Chivo Lubezki killed it and should win. These are some excellent nominees this year.



This is the only award that is practically guaranteed to go to The Revenant. I said it before and will gladly say again that it's one of the best looking films I've ever seen.




Poor Roger Deakins. He is one of the best at his art and has lasted long enough to become one of the true elder statesman in his business, but despite working with filmmakers like Joel & Ethan Coen, Martin Scorsese, and Denis Villeneuve, Mr. Deakins has not yet managed to win an Oscar for Best Cinematography. Sicario marks his thirteenth nomination! Unless he drops dead, he will win one of these eventually. But not this year. Again.
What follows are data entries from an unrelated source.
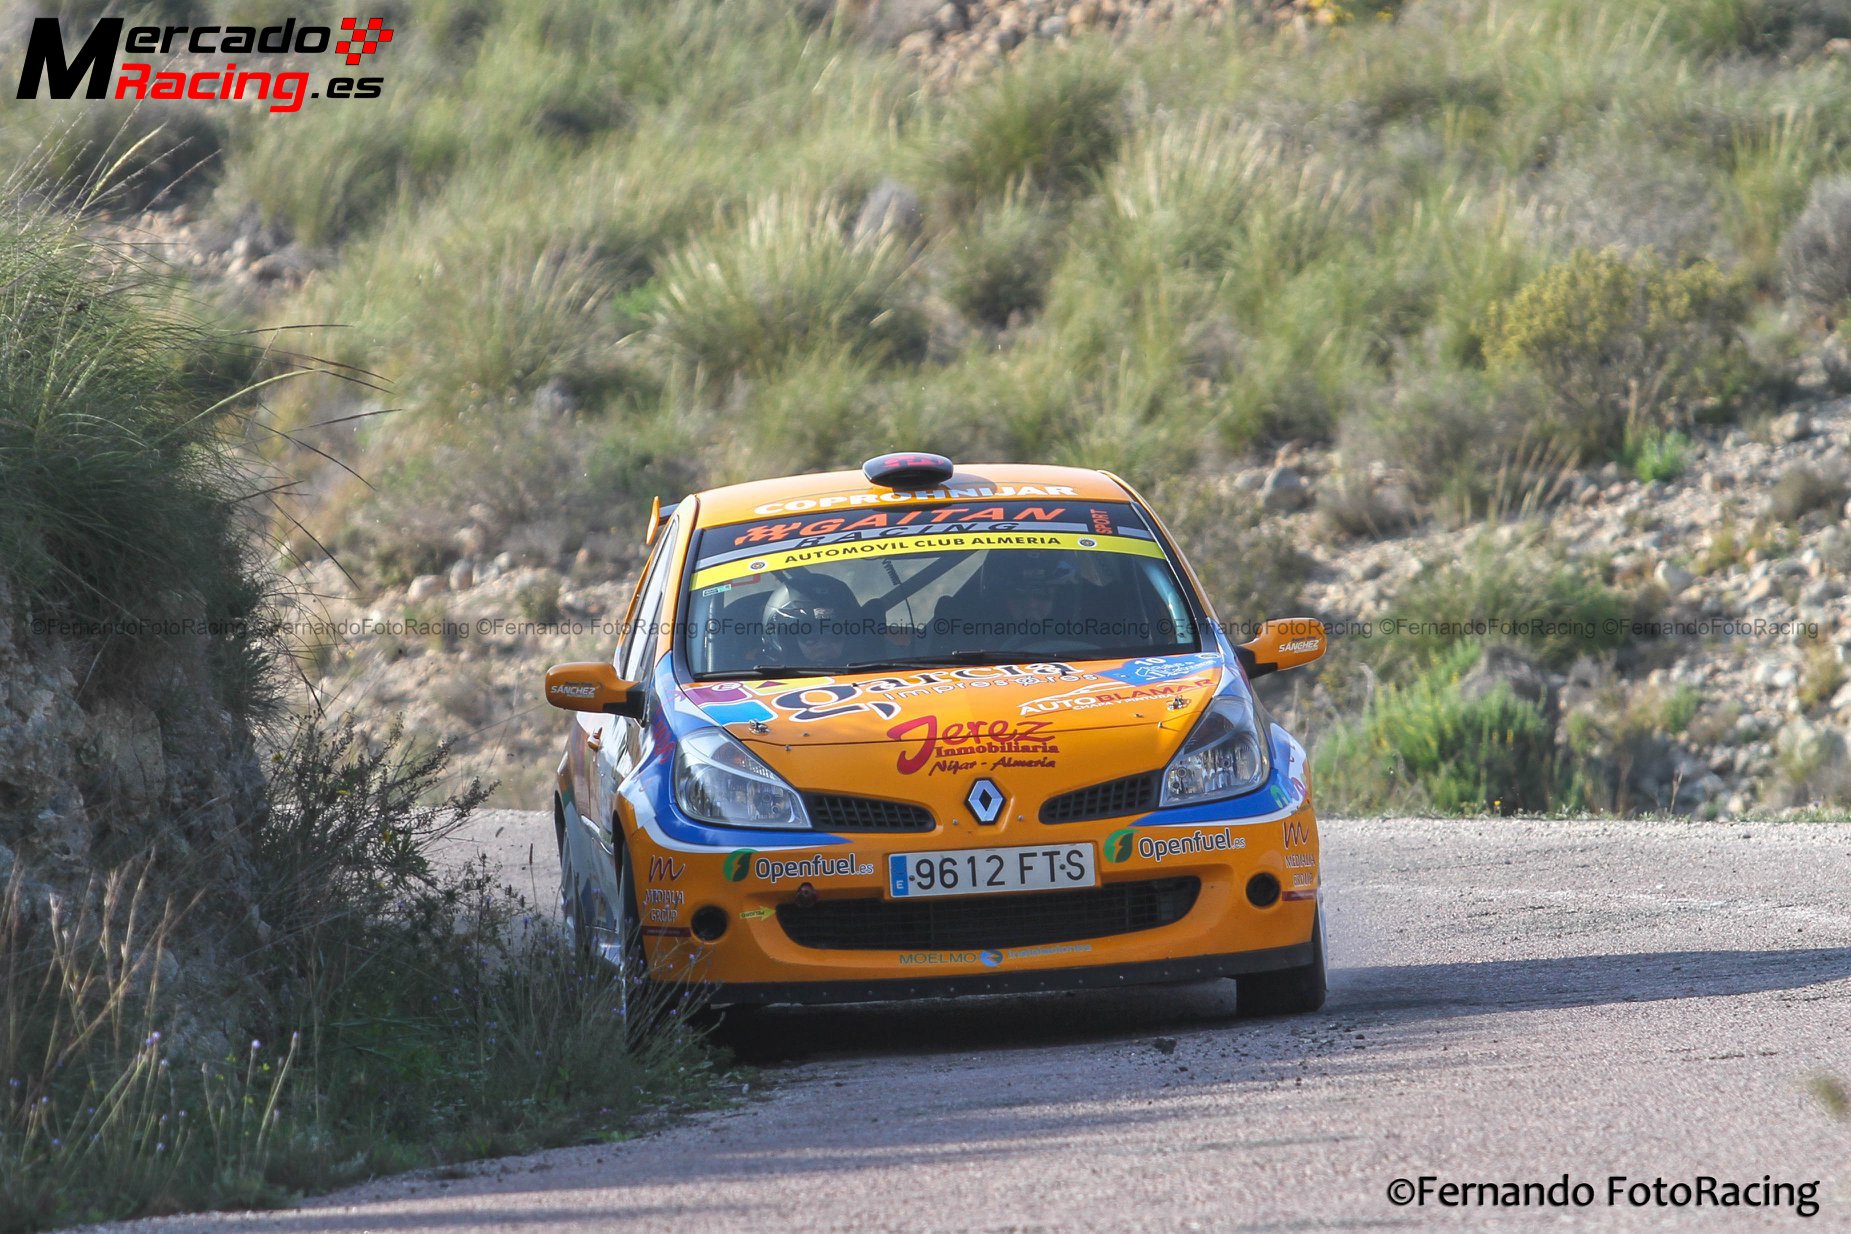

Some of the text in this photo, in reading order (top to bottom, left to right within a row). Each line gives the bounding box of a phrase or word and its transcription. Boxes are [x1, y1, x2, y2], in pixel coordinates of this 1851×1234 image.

[754, 486, 1078, 515] COPROHNIJAR
[793, 522, 1020, 550] RACING
[799, 507, 1066, 537] GAITAN
[1090, 509, 1112, 535] SPORT
[785, 536, 1061, 564] AUTOMOVIL CLUB ALMERIA
[1019, 679, 1214, 716] AUTOBLAMAR
[1072, 700, 1114, 711] CHAPA
[887, 715, 1056, 775] Jerez
[934, 741, 1060, 758] Inmobiliaria
[1138, 827, 1246, 862] Openfuel.es
[755, 852, 874, 884] Openfuel.es
[915, 849, 1086, 890] 9612 FTS
[896, 880, 905, 889] E
[899, 952, 977, 965] MOELMO
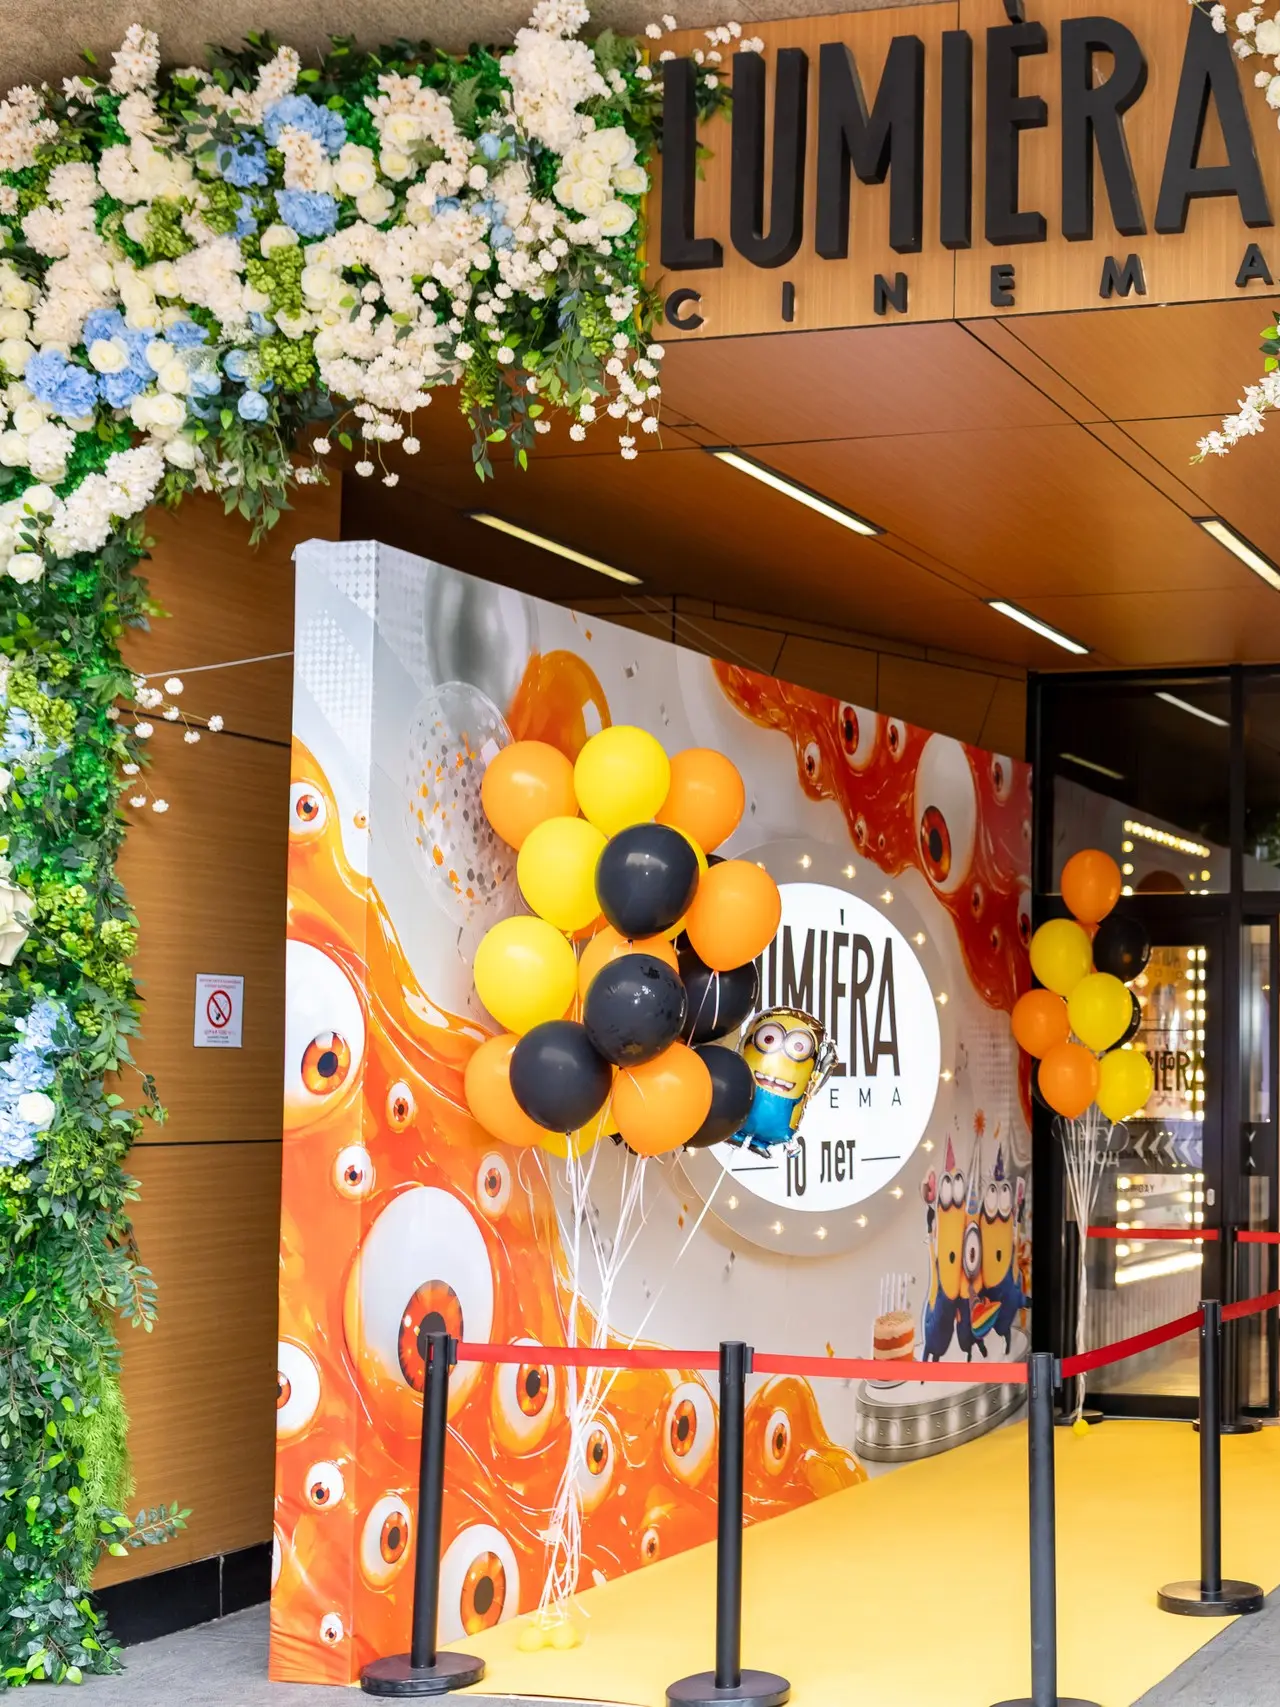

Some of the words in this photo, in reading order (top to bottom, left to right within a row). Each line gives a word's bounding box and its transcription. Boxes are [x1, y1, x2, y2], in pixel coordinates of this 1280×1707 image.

[660, 0, 1275, 271] LUMIÈRA
[664, 243, 1275, 331] CINEMA
[829, 1088, 903, 1109] EMA
[784, 1136, 807, 1197] 10
[819, 1139, 857, 1184] лет
With his long white hair, Robert Richardson could be considered an elder statesman of cinematography, and boy is he still in his prime. Unlike Deakins, Richardson has won before. Three times, actually: Oliver Stone's JFK and Scorsese's The Aviator and Hugo. He has five other nominations, including Tarantino's previous two flicks Django Unchained and Inglorious Basterds. Working in full 70mm must have been a joy worth every challenge it presented, but he has the bad luck of this work coming in the same year as that OTHER snowbound Western. His ninth nomination won't bring him his fourth win, but at only sixty years old he should have many, many more nominations and maybe even a couple more wins coming, especially if he keeps working with the likes of Tarantino and Scorsese.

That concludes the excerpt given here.